Returns each pixel and associated values from a `output_expression` across all bands in a given area of interest of a raster table. The result will include the data from the `vector_query` as well as from all bands, corresponding to the pixels that intersect each geography.

**Input parameters**

* `raster_table`: `VARCHAR` the qualified table name of the raster table, e.g. `'<my-database>.<my-schema>.<my-raster-table>'`.
* `vector_query`: `VARCHAR` query containing the area of interest in which to perform the extraction, stored in a column named `geom`. Additional columns can be included into this query in order to be referenced from the `output_expression`. It can be `NULL`, in which case all values stored in the raster table will be extracted.
* `output_expression`: `VARCHAR` contains the bands and values to be extracted from the raster.
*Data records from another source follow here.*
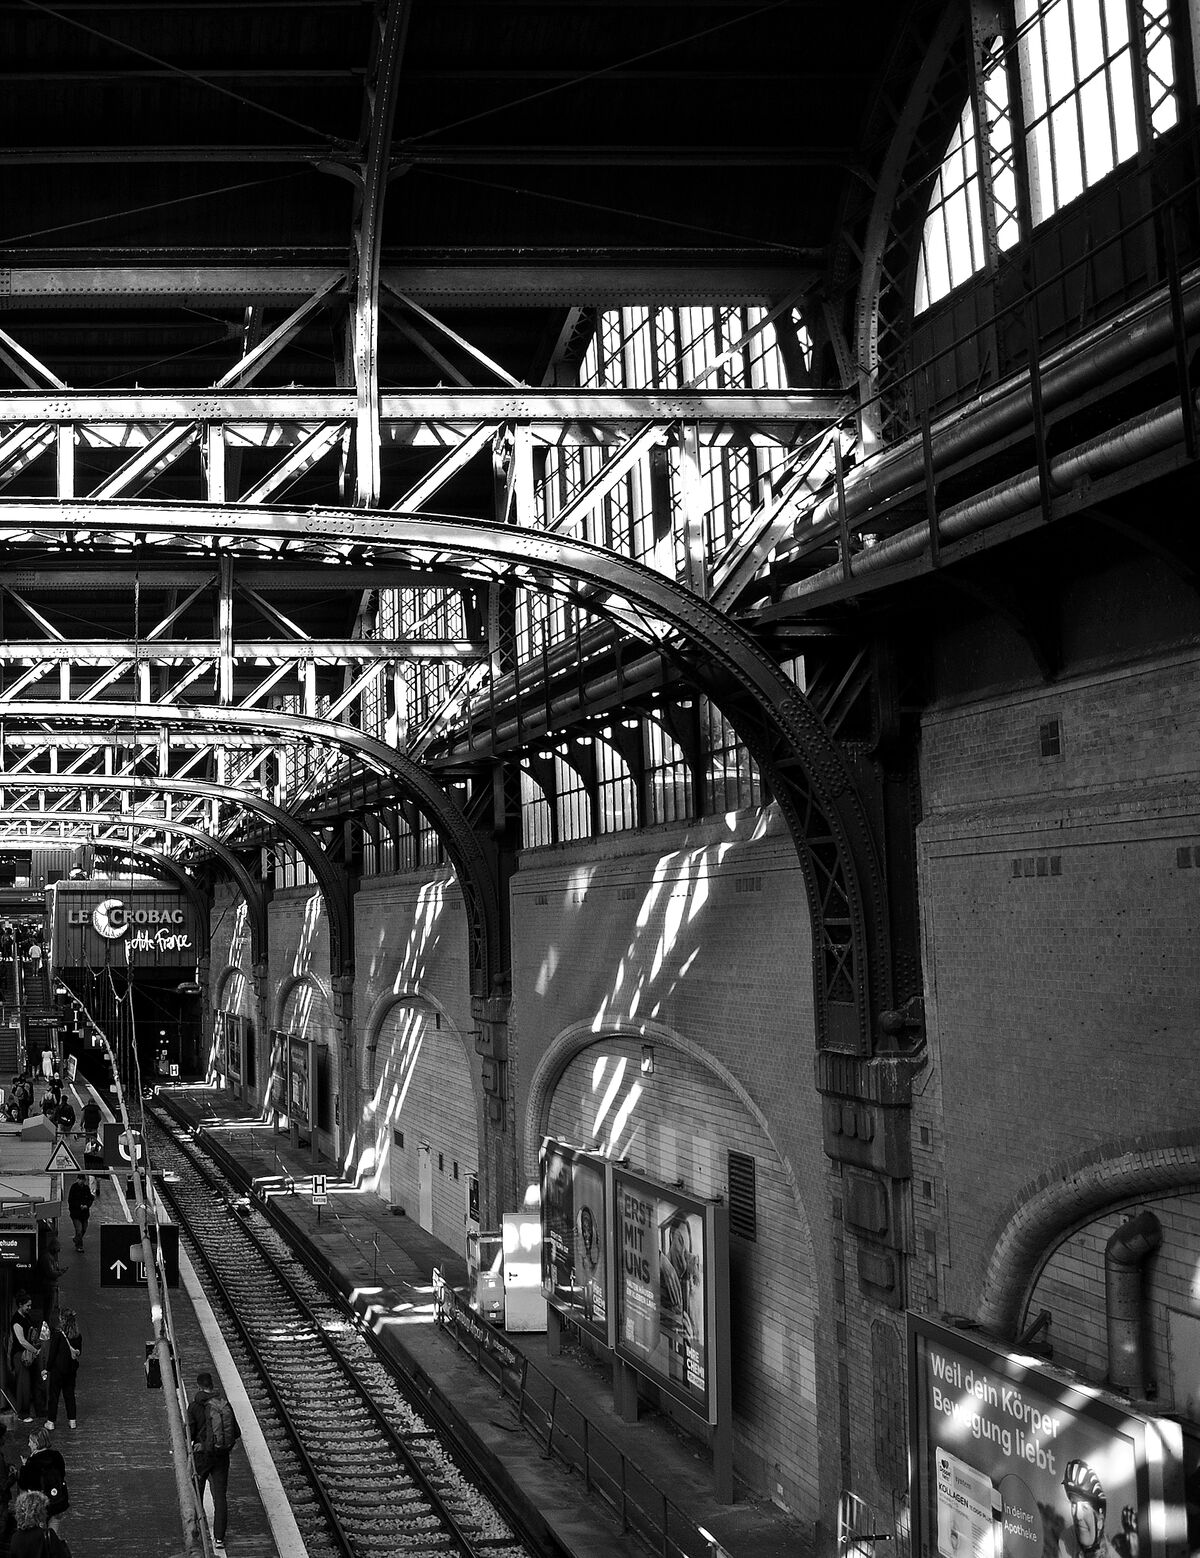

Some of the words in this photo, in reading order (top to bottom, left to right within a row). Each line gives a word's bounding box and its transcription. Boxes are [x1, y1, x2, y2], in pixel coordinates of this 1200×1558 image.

[68, 910, 90, 924] LE
[109, 909, 184, 925] CROBAG
[154, 927, 193, 953] France
[170, 1065, 179, 1075] H
[314, 1176, 325, 1194] H
[624, 1193, 654, 1229] ERST
[624, 1222, 645, 1253] MIT
[625, 1250, 650, 1285] UNS
[686, 1345, 700, 1364] IHRE
[930, 1352, 962, 1389] Weil
[964, 1369, 998, 1407] dein
[1001, 1387, 1060, 1438] Körper
[932, 1386, 1012, 1457] Bewegung
[1015, 1428, 1057, 1475] liebt
[938, 1482, 969, 1509] KOLLAGEN
[1004, 1502, 1011, 1514] In
[1011, 1505, 1034, 1524] deiner
[1004, 1519, 1037, 1542] Apotheke
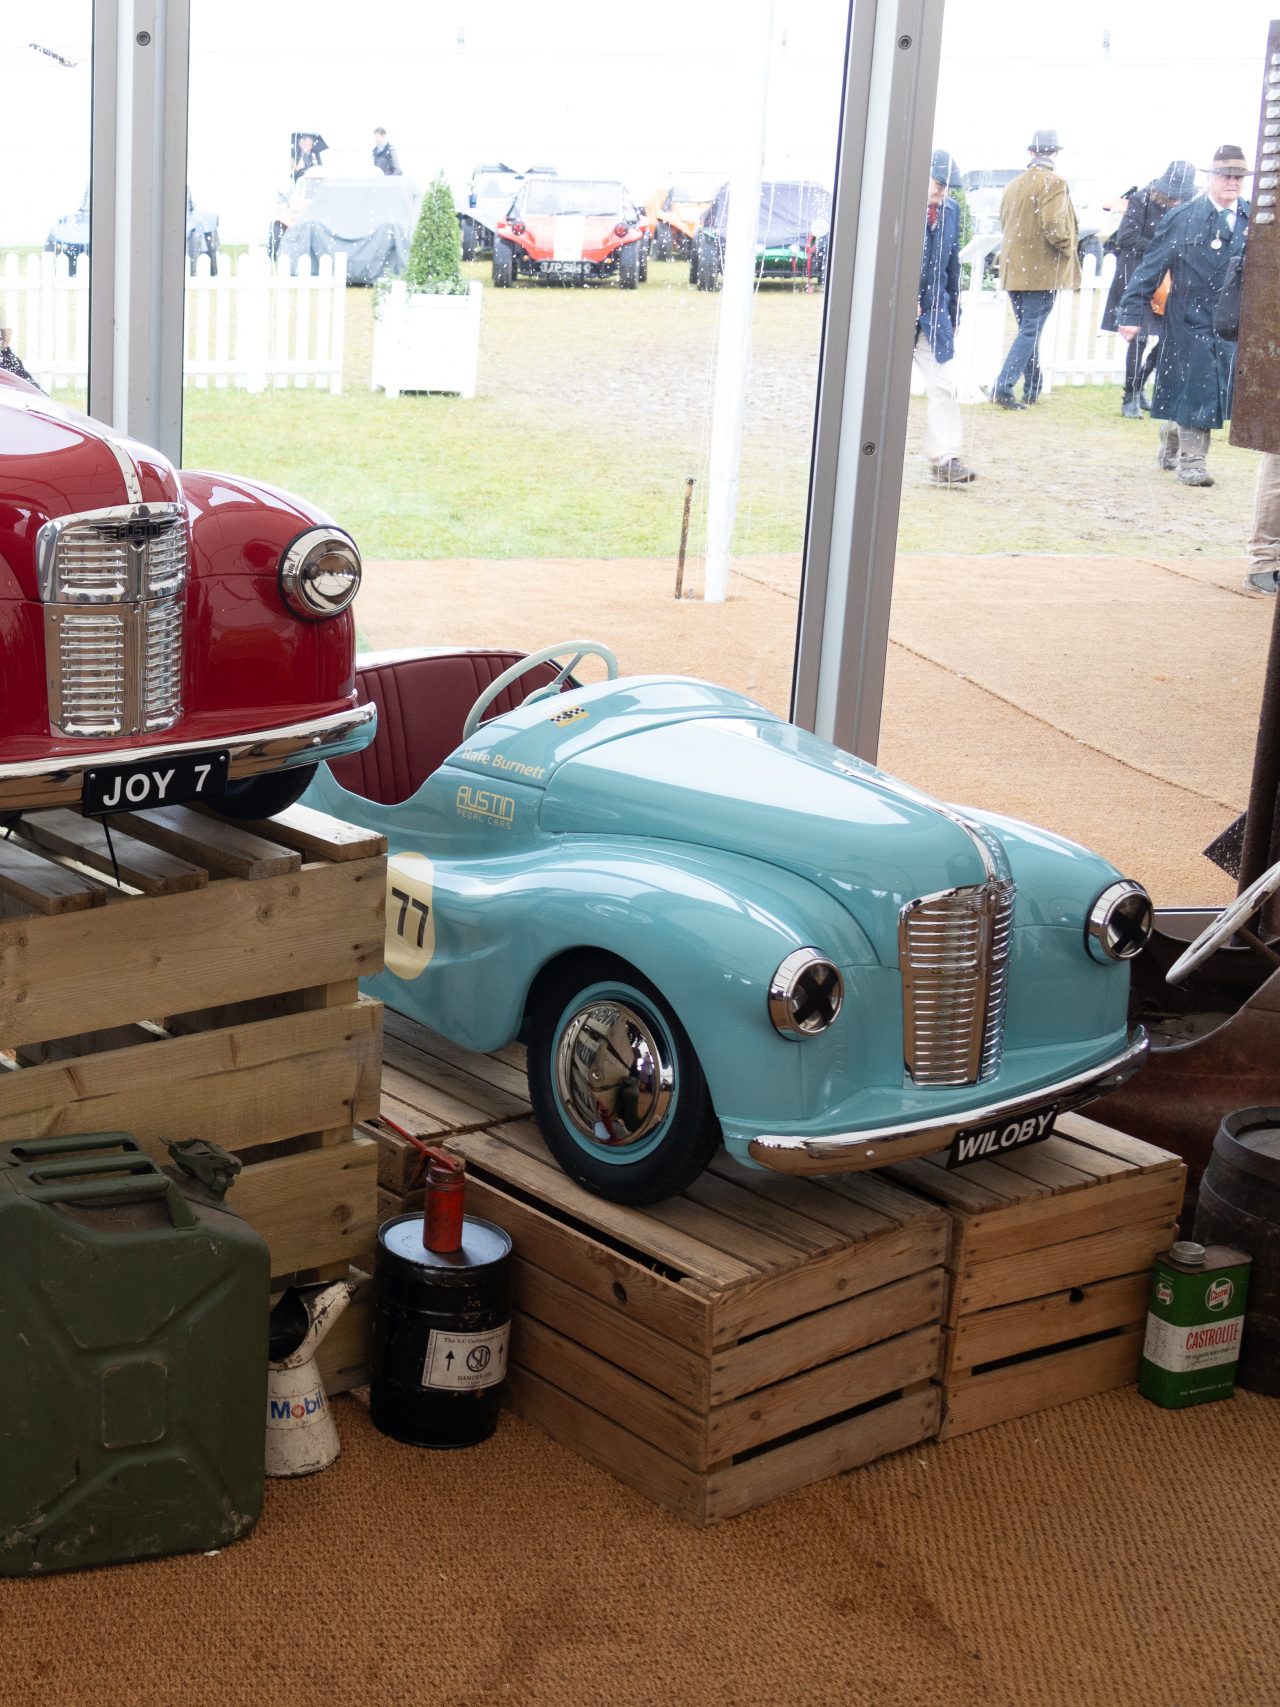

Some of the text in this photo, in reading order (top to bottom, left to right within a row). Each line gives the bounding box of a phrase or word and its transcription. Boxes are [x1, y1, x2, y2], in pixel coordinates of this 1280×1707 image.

[461, 747, 545, 780] Rafe Burnett
[102, 764, 211, 807] JOY 7
[456, 785, 515, 822] AUSTIN
[456, 808, 512, 830] PEDAL CARS
[391, 886, 429, 949] 77
[958, 1110, 1055, 1161] WILOBY
[1185, 1323, 1239, 1351] CASTROLITE
[270, 1389, 325, 1419] Mobil
This expression support alias. It does not support aggregations. If you need to use aggregations, use the [`RASTER_AGG_VALUES`](#raster_agg_values) function. This expression can be `NULL` if a `pixel` column is added using the `include_pixel` option.
* `output_table`: `VARCHAR` where the resulting table will be stored. It must be a `VARCHAR` of the form `'<database>.<schema>.<table>'`. The schema must exist and the caller needs to have permissions to create a new table on it. The process will fail if the target table already exists.
* `options`: `VARCHAR` a JSON string with additional options:

  | Option          | Description                                                                                                           |
  | --------------- | --------------------------------------------------------------------------------------------------------------------- |
  | `include_pixel` | `BOOLEAN` whether to include the `pixel` column of the extracted pixel values, in quadbin format. Default is `false`. |

{% hint style="info" %}
When intersecting large polygons with high-resolution pixels, it may encounter Snowflake's computational and memory limits due to the extensive data generated. To mitigate this, we recommend simplifying polygon geometries, reducing pixel resolution, or partitioning data into manageable subsets. These strategies help manage data efficiently and prevent exceeding Snowflake's quotas.
{% endhint %}

**Result**

The result is a table with the corresponding values extracted from the `output_expression` and, if selected, a `pixel` column with quadbin indexes.

**Examples**

Extract `band_1` values for raster pixels intersected by each point in the vector query. The output will be stored in a table.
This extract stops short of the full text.